» EXERCISE
Return all of the data verbatim, dropping any picture.

» DATA FOR PROCESSING

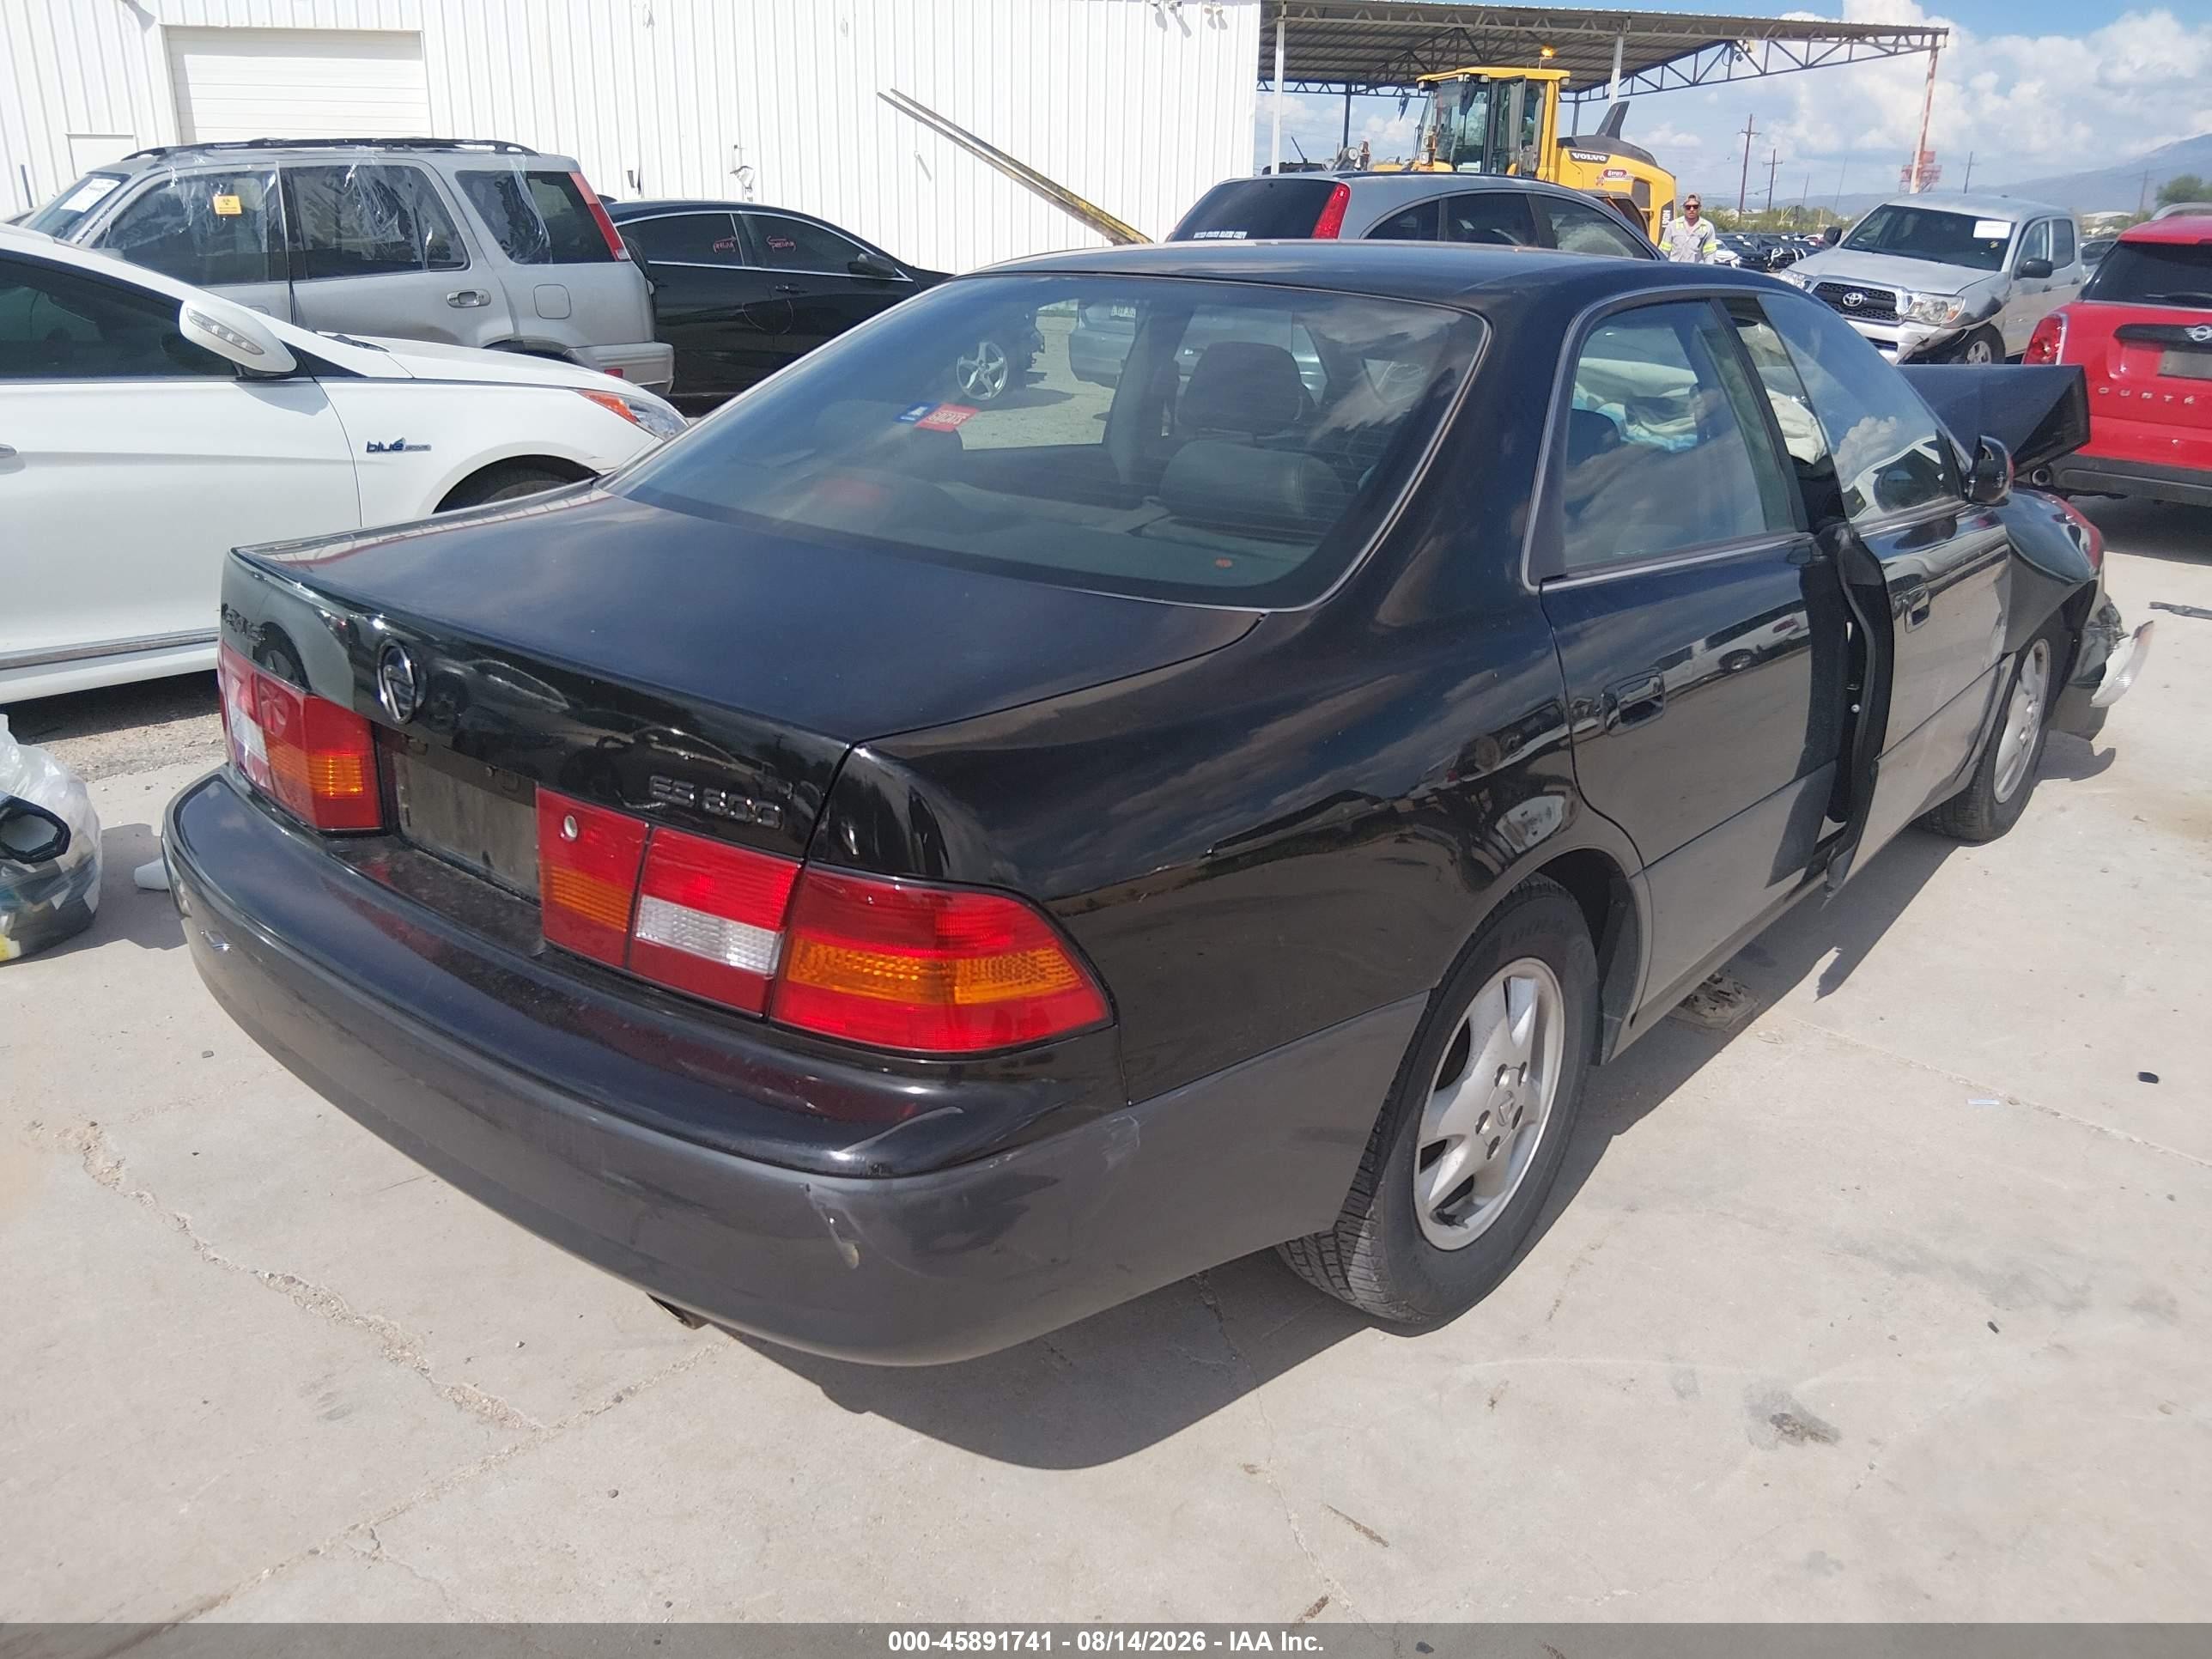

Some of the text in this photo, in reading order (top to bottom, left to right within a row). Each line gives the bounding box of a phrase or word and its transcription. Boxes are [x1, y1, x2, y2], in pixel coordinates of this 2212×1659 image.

[1571, 152, 1607, 161] VOLVO
[366, 438, 405, 453] blue
[648, 775, 695, 808] ES
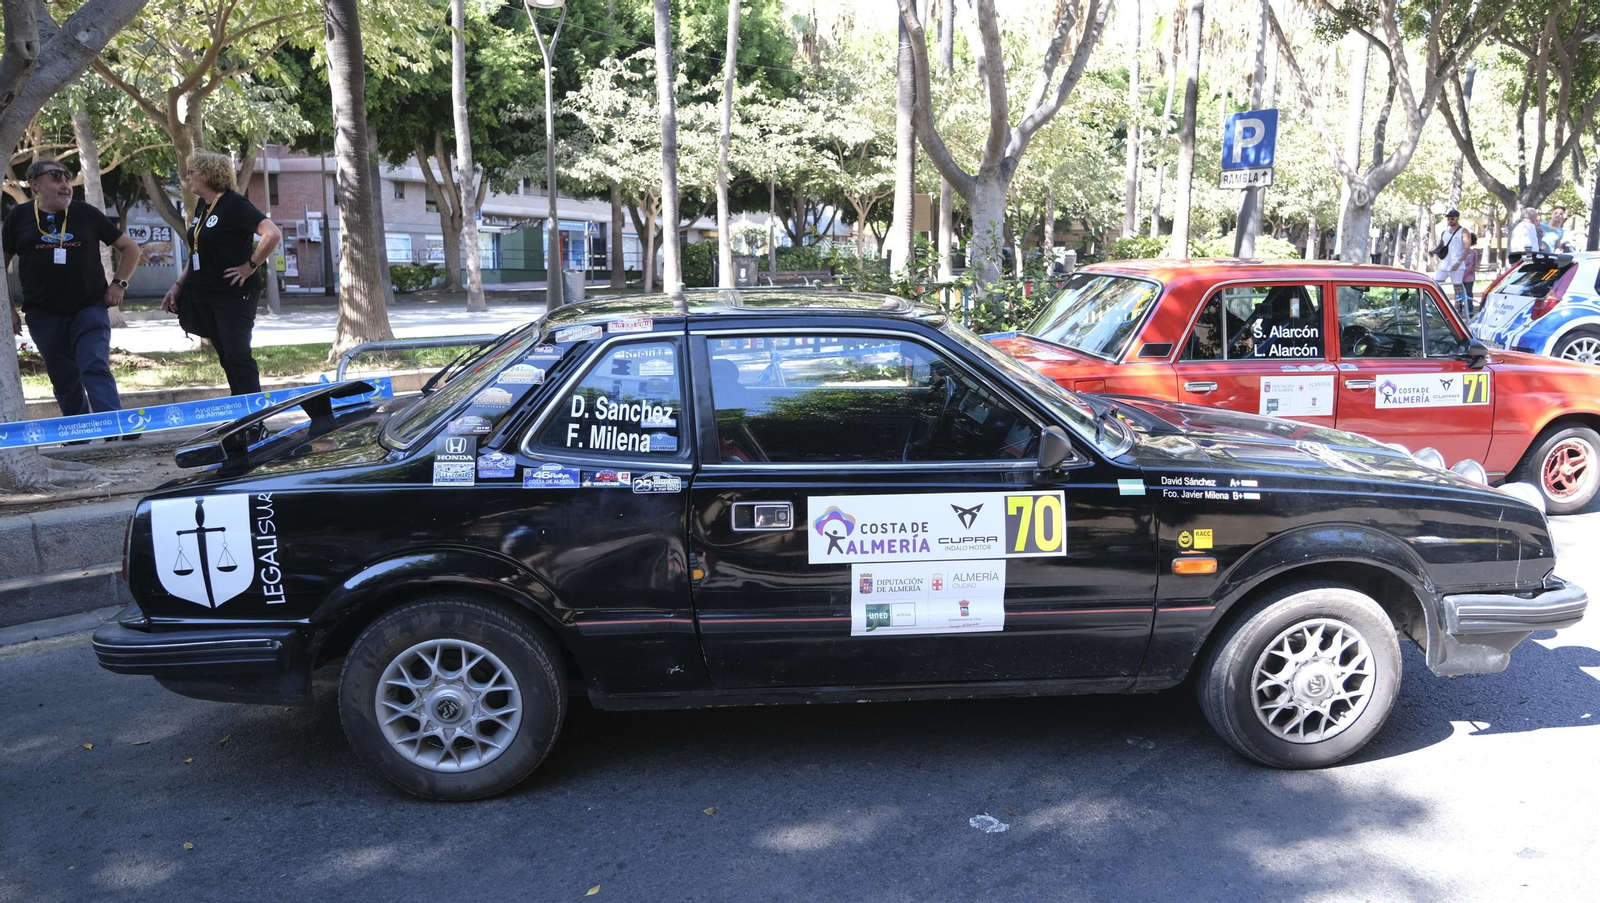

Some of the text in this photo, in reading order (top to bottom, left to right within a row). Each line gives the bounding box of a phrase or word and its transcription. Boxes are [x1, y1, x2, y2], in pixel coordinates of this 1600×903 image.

[1232, 118, 1265, 163] P
[1223, 172, 1259, 184] RAMBLA
[1253, 325, 1318, 338] S. Alarcón
[1254, 344, 1318, 356] L. Alarcón
[1464, 374, 1488, 403] 71
[1392, 394, 1430, 404] ALMERÍA
[195, 402, 242, 414] Ayuntamiento
[571, 395, 673, 424] D. Sanchez
[58, 419, 112, 431] Ayuntamiento
[566, 423, 650, 452] F. Milena
[1161, 476, 1240, 487] David Sánchez A+
[1163, 489, 1244, 500] Fco. Javier Milena B+
[860, 522, 928, 534] COSTA DE
[1007, 495, 1062, 552] 70
[846, 534, 930, 555] ALMERÍA
[938, 536, 998, 544] CUPRA
[256, 492, 286, 604] LEGALISUR
[876, 577, 923, 586] DIPUTACIÓN
[953, 571, 999, 581] ALMERÍA

» RESULT FOR THIS EXERCISE
Some of the text in this photo, in reading order (top to bottom, left to right within a row). Each line gives the bounding box of a phrase or word and its transcription. Boxes are [x1, y1, x2, y2], in pixel coordinates of this 2212×1659 image.

[1571, 152, 1607, 161] VOLVO
[366, 438, 405, 453] blue
[648, 775, 695, 808] ES

Some of the text in this photo, in reading order (top to bottom, left to right within a row). Each line gives the bounding box of a phrase or word and its transcription. Boxes are [x1, y1, x2, y2], in pixel coordinates of this 1600×903 image.

[1232, 118, 1265, 163] P
[1223, 172, 1259, 184] RAMBLA
[1253, 325, 1318, 338] S. Alarcón
[1254, 344, 1318, 356] L. Alarcón
[1464, 374, 1488, 403] 71
[1392, 394, 1430, 404] ALMERÍA
[195, 402, 242, 414] Ayuntamiento
[571, 395, 673, 424] D. Sanchez
[58, 419, 112, 431] Ayuntamiento
[566, 423, 650, 452] F. Milena
[1161, 476, 1240, 487] David Sánchez A+
[1163, 489, 1244, 500] Fco. Javier Milena B+
[860, 522, 928, 534] COSTA DE
[1007, 495, 1062, 552] 70
[846, 534, 930, 555] ALMERÍA
[938, 536, 998, 544] CUPRA
[256, 492, 286, 604] LEGALISUR
[876, 577, 923, 586] DIPUTACIÓN
[953, 571, 999, 581] ALMERÍA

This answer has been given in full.